A recent National Health Board Wakatipu Health Services report recommended there should be a CT scanner for inland Otago, based at the Lakes District Hospital at Queenstown.

The company that runs Dunstan Hospital at Clyde, Central Otago Health Services Ltd (COHSL), has been lobbying for three years for a scanner to be based at Dunstan.

The Southern District Health Board decided last month the scanner location should be determined by the communities reaching consensus on the issue.

Meetings have been arranged by the Central Otago health company next week in Cromwell, Alexandra and Wanaka, to gauge support for a scanner at Dunstan.

Mrs Dean did not indicate her preference for a scanner site but said the decision "must come down to what's most beneficial for local patients".

"Obviously each community wants to secure this diagnostic equipment for themselves - but I'd suggest parochialism needs to be set aside, while the most effective and efficient use of the scanner is determined.

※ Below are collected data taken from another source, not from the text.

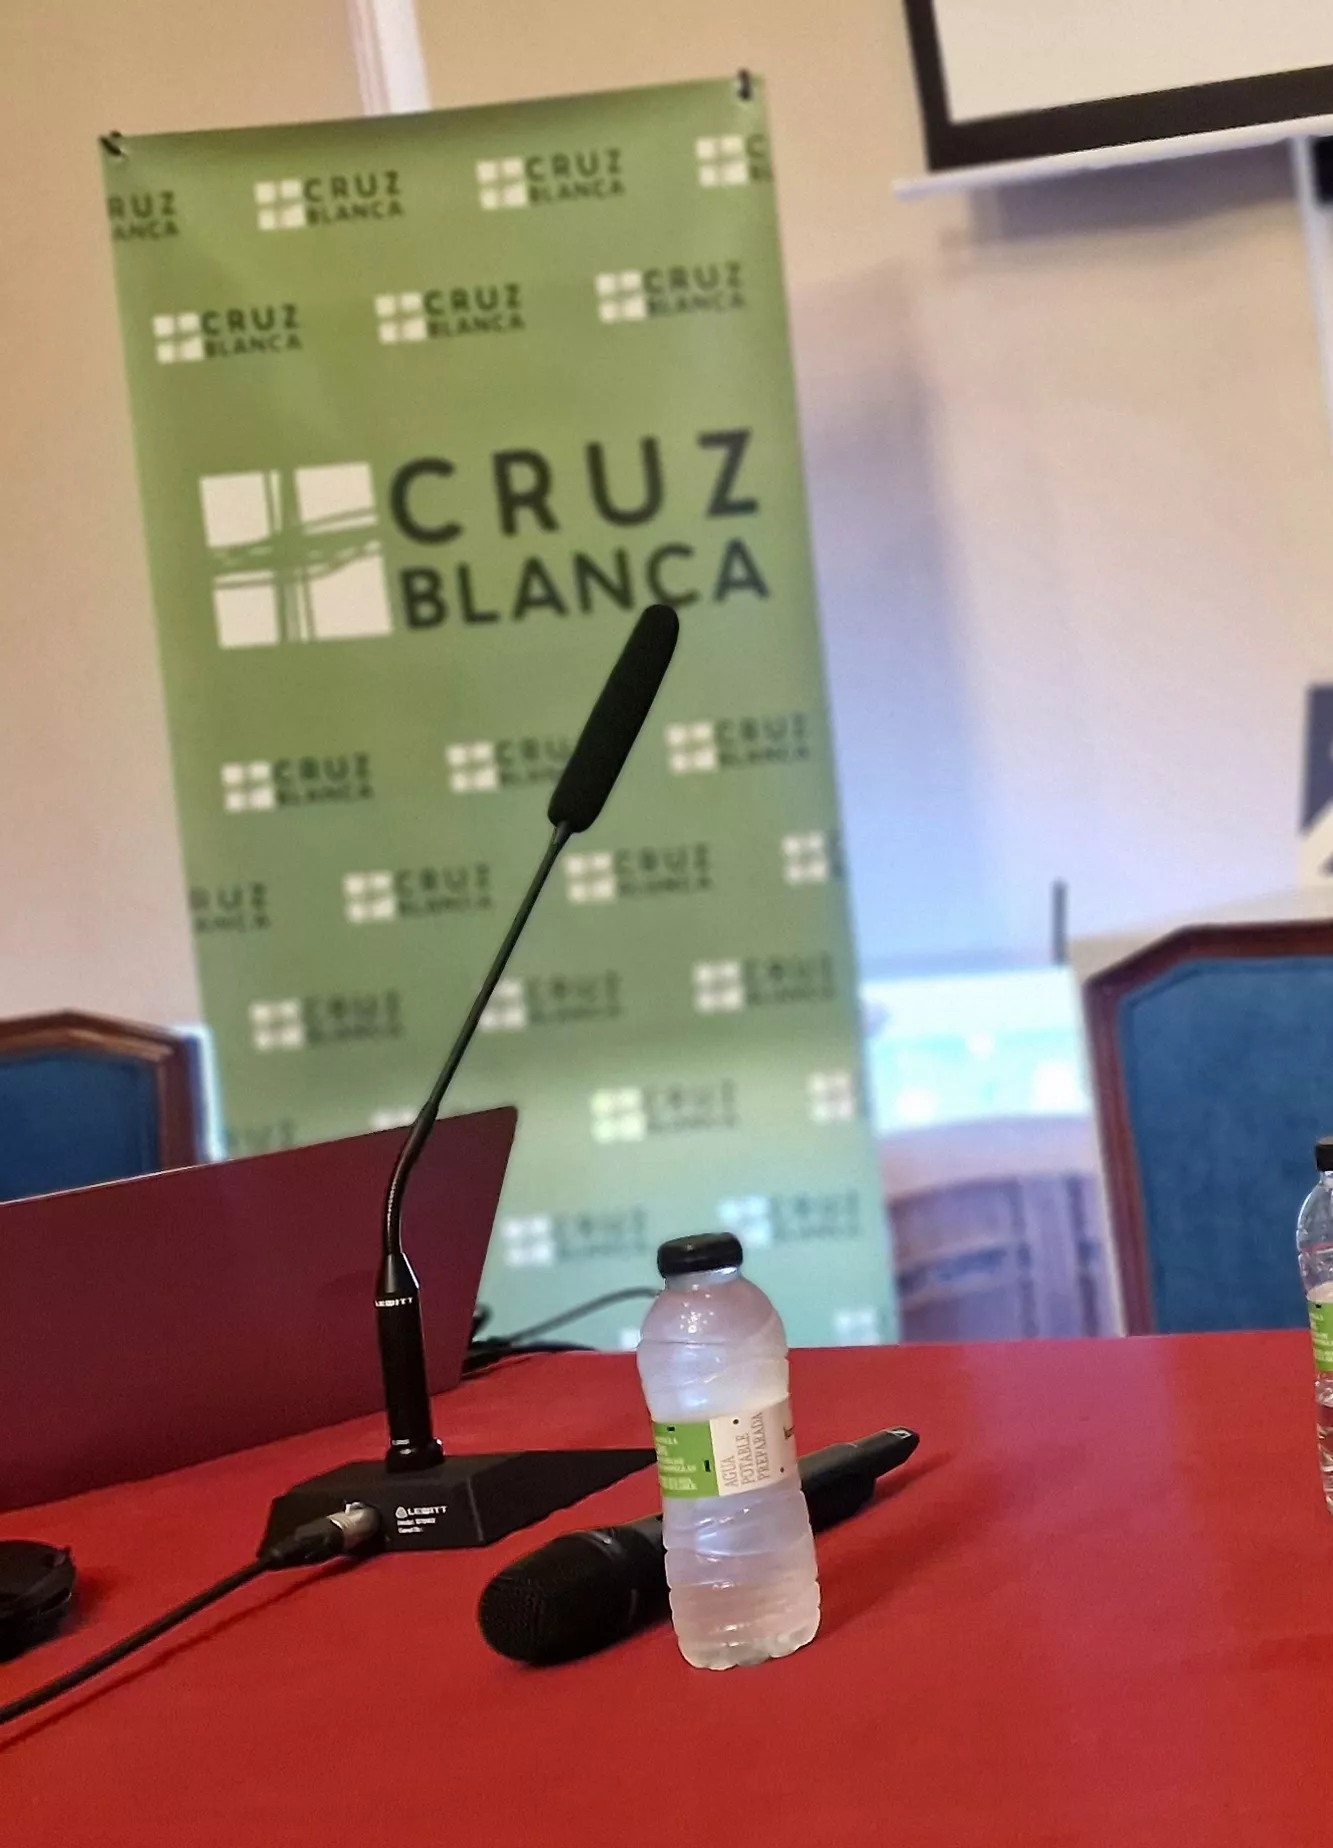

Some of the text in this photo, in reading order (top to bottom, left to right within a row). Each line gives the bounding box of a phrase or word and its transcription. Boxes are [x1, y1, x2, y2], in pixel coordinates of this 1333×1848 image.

[525, 148, 621, 181] CRUZ
[303, 170, 401, 202] CRUZ
[306, 200, 405, 225] BLANCA
[644, 260, 741, 292] CRUZ
[423, 282, 520, 315] CRUZ
[202, 303, 299, 335] CRUZ
[204, 333, 303, 358] BLANCA
[388, 427, 759, 545] CRUZ
[400, 537, 770, 630] BLANCA
[496, 736, 576, 765] CRU
[735, 1432, 756, 1486] POTABLE
[750, 1411, 771, 1482] PREPARADA
[720, 1455, 739, 1490] AGUA
[407, 1505, 448, 1516] LEWITT
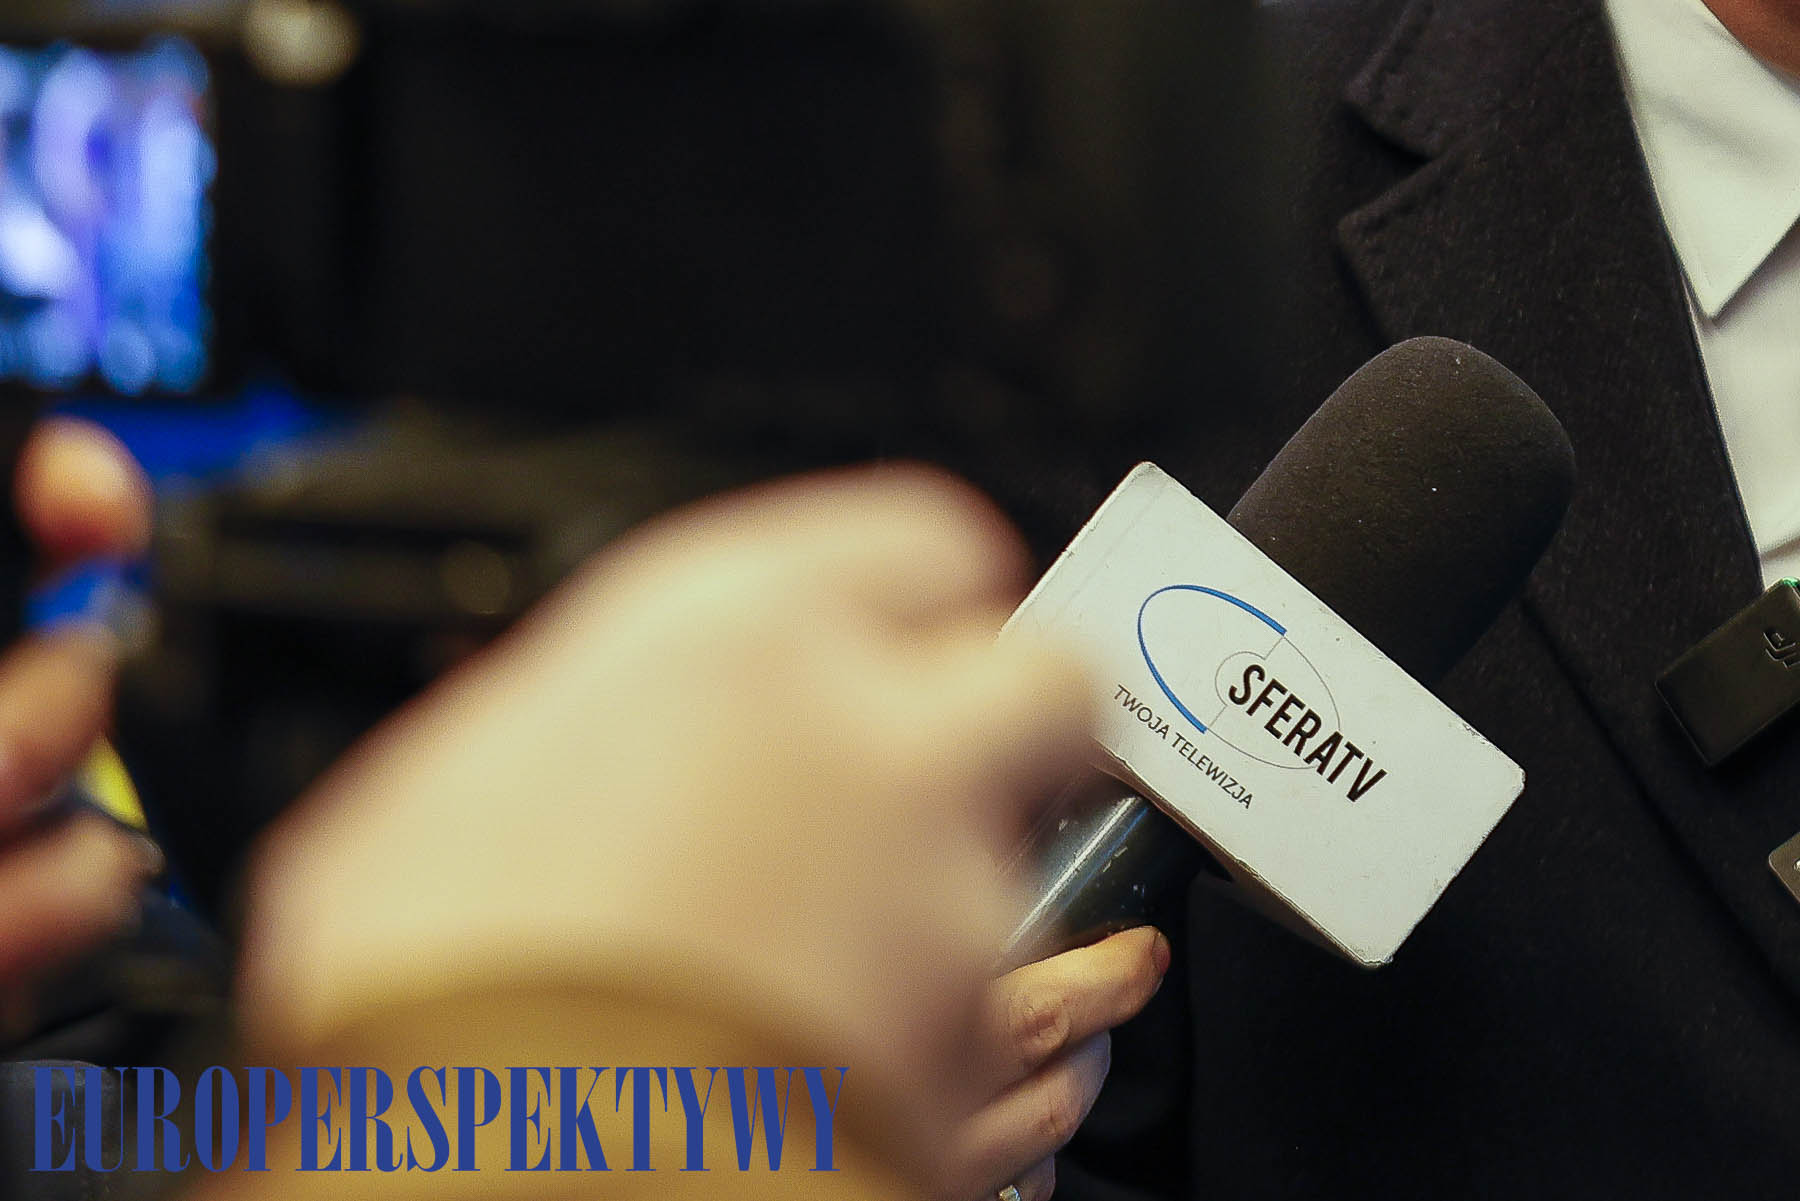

"Support from local clinicians and the community, along with a business plan that stacks up, must also be identified."

Funding for capital and running costs would have to come from the community and that would require a commitment over time, which people had to be realistic about, Mrs Dean said.

In background information on Dunstan's case, COHSL chairman Russell McGeorge said 1067 Central Otago and Queenstown Lakes residents travelled to Dunedin or Invercargill for publicly funded CT scans in 2010.

Of that figure, 312 were from the Lakes District Hospital "catchment" and 755 from the Dunstan Hospital catchment, which includes Wanaka.